According to friends and employees, David Hill and his wife, Shin, died Thursday from what investigators suspect is accidental carbon monoxide poisoning in their Green home. While officials did not disclose the victims’ names, they said the man was 57 and the woman was 69.
“I’m stunned. Just shocked,” said Don Schalmo, a developer and longtime family friend who helped the Hills move their business headquarters — Hill’s Supply — to Canal Fulton in the 1980s.
“I was just at the mother’s funeral last month, so I don’t know what will happen to the business now,” Schalmo said.
David had no children of his own, although his second wife, Shin, does, said friends and associates.
News of the couple’s deaths stunned the community.
The Summit County Sheriff’s office and Green Fire Department were called to the Hill’s upscale development — Deer Pines Estate — off of South Arlington Road about 10:25 a.m. Thursday.
Someone found the Hills unconscious inside the indoor pool area of their 5,038 square-foot home on Buck Trail. The Summit County Medical Examiner’s office said both were pronounced dead at 11:18 a.m.
Within an hour, word of their passing was spreading through the dairy community.
Dennis Hartong, Summit County’s last dairy farmer, said he spoke to Hill four days earlier about overhauling his milking line, bringing in new equipment to milk the 120 holsteins on his 550-acre farm.
“Dave had made a wonderful name for himself,” Hartong said. “You couldn’t ask for a nicer guy with a great personality.”
Friends said Hill was both generous and kind. Whenever a farmer’s barn burned, Hill would gather his employees and have something erected the same day so the farmer had some place to milk his cows.
Hill also invited his friends, including Hartong, to visit a log cabin Hill built with the help of his employees in western Pennsylvania, along with a rustic cabin the Hill family owned for decades on an island in the French River in central Ontario, Canada.
Hill’s Supply was a long shot when it opened.

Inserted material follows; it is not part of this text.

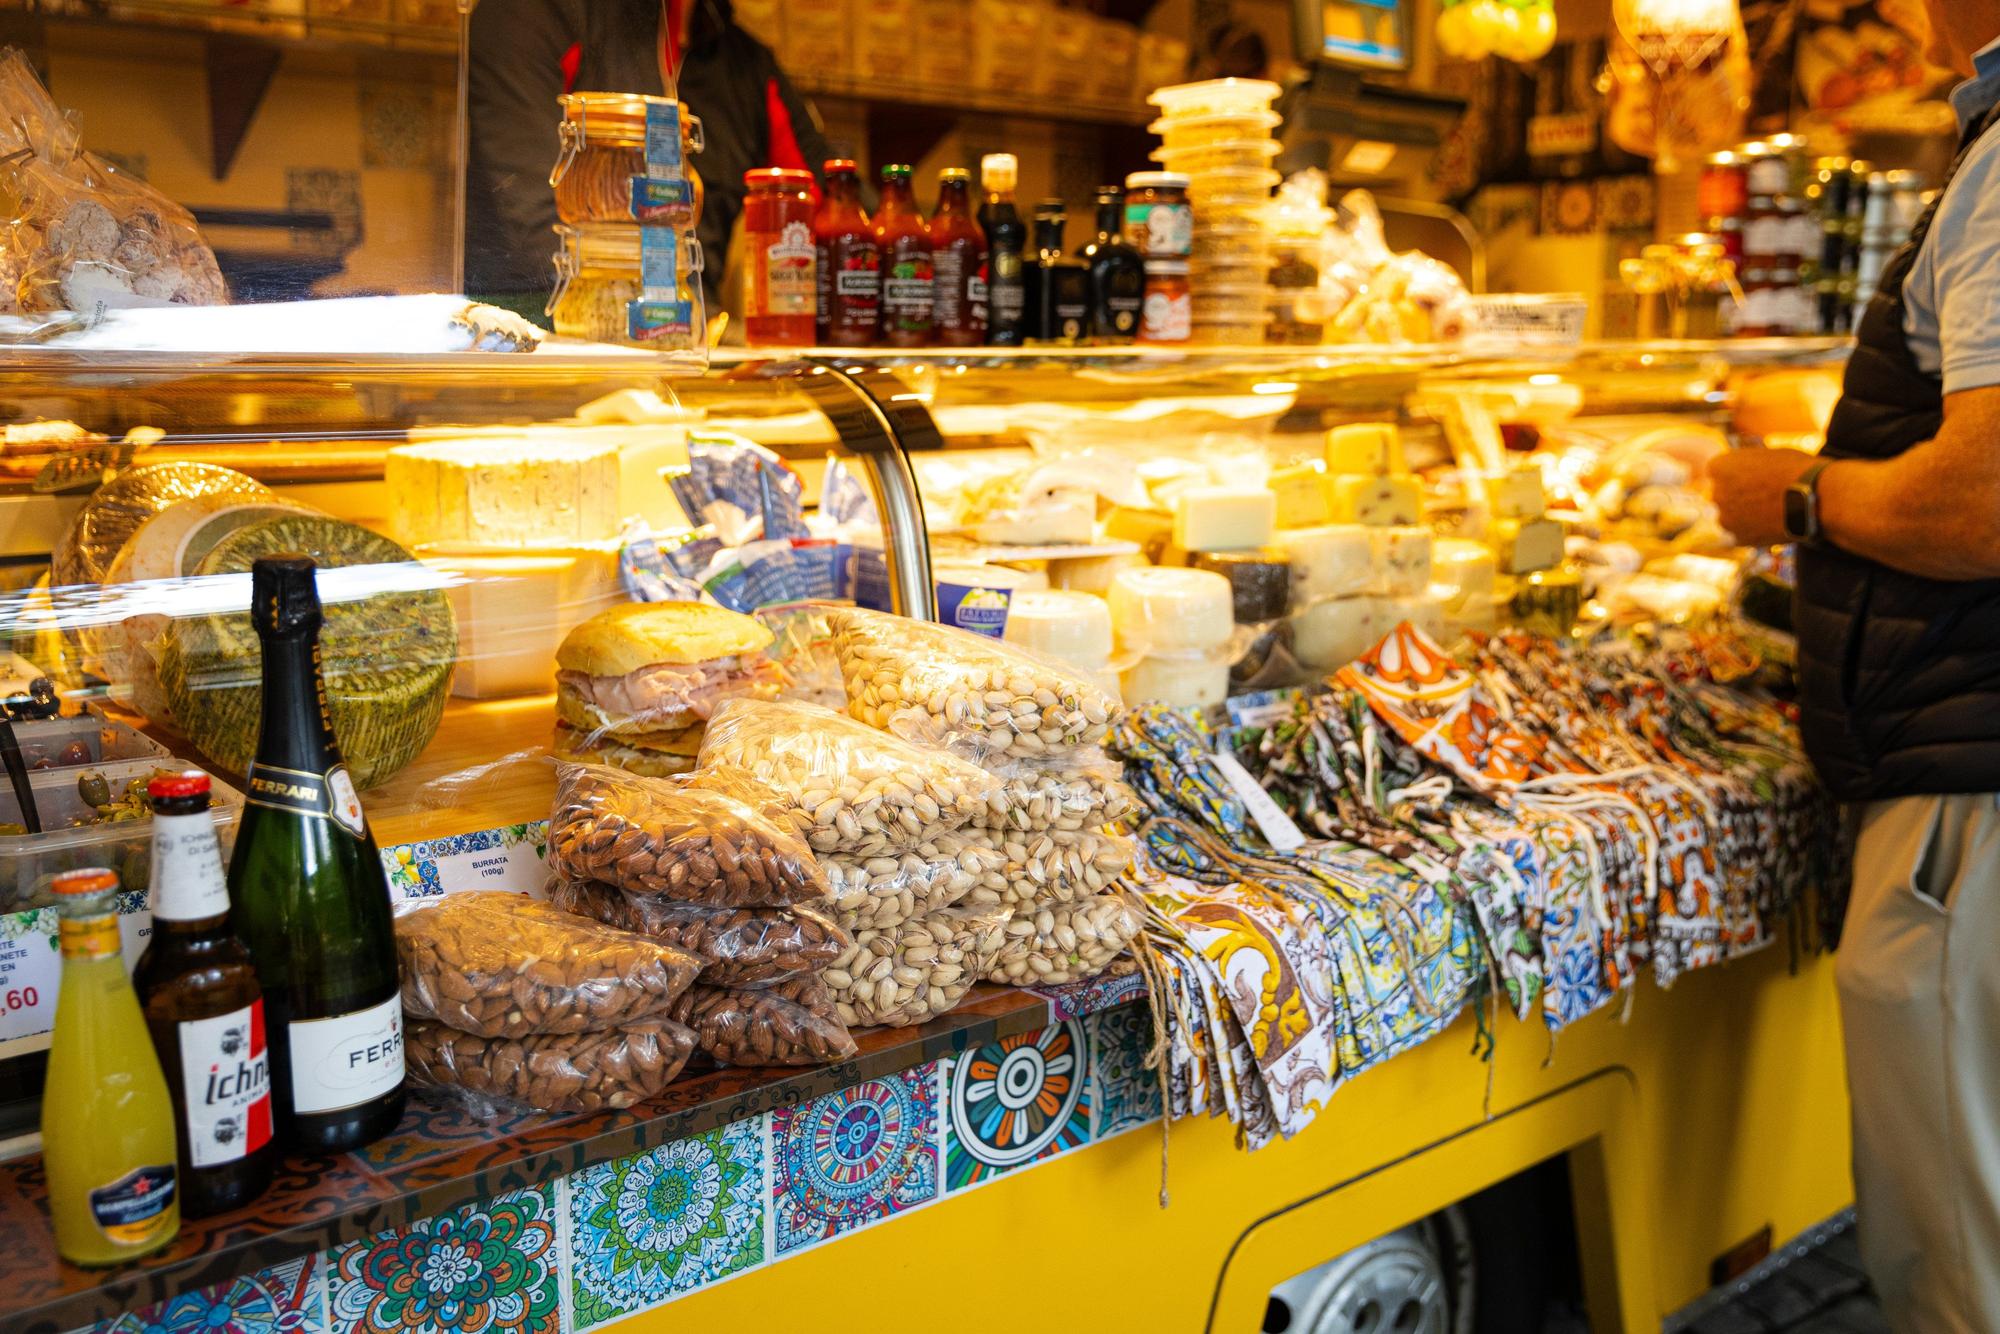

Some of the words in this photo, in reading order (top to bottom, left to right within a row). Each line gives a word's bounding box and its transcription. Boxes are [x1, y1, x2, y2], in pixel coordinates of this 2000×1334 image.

David Hill was 19 and his mother was newly widowed. David’s father had been a farmer, but neither David nor his mother knew much about dairy equipment.
But, the Beacon Journal reported decades ago, the mother-son team learned quickly from local dairy farmers. By 1989, sales at Hill’s Supply topped more than $3 million.

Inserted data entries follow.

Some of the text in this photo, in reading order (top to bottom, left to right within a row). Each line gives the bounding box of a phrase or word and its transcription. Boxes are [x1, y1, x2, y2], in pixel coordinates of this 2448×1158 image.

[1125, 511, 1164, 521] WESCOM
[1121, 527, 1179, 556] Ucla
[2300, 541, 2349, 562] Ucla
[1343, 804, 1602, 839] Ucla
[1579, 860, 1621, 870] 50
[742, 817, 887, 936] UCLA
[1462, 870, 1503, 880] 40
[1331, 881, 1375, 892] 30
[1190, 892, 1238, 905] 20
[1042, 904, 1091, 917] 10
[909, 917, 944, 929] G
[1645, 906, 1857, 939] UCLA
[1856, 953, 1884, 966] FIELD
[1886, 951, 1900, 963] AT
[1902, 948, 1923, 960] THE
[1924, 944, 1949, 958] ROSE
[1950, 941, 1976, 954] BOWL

Today, Hill’s Supply has four locations with about 50 employees serving dairy farms in Ohio, Indiana, Michigan, Pennsylvania and Kentucky, said Ben Torsell, who manages a branch office in northwest Ohio.
Dolores Hill never retired, Torsell said. She came into the office daily until she was hospitalized a few weeks before her death.
Her obituary ran in the Beacon Journal and “Farm and Dairy,” the century-old newspaper serving farmers in Ohio and surrounding areas.
Employees — most of whom have worked for a decade or more at Hill’s Supply — were saddened by her passing, Torrsell said, but they weren’t surprised considering her age.
“But David’s death,” Torsell said, “David’s death is just shocking.”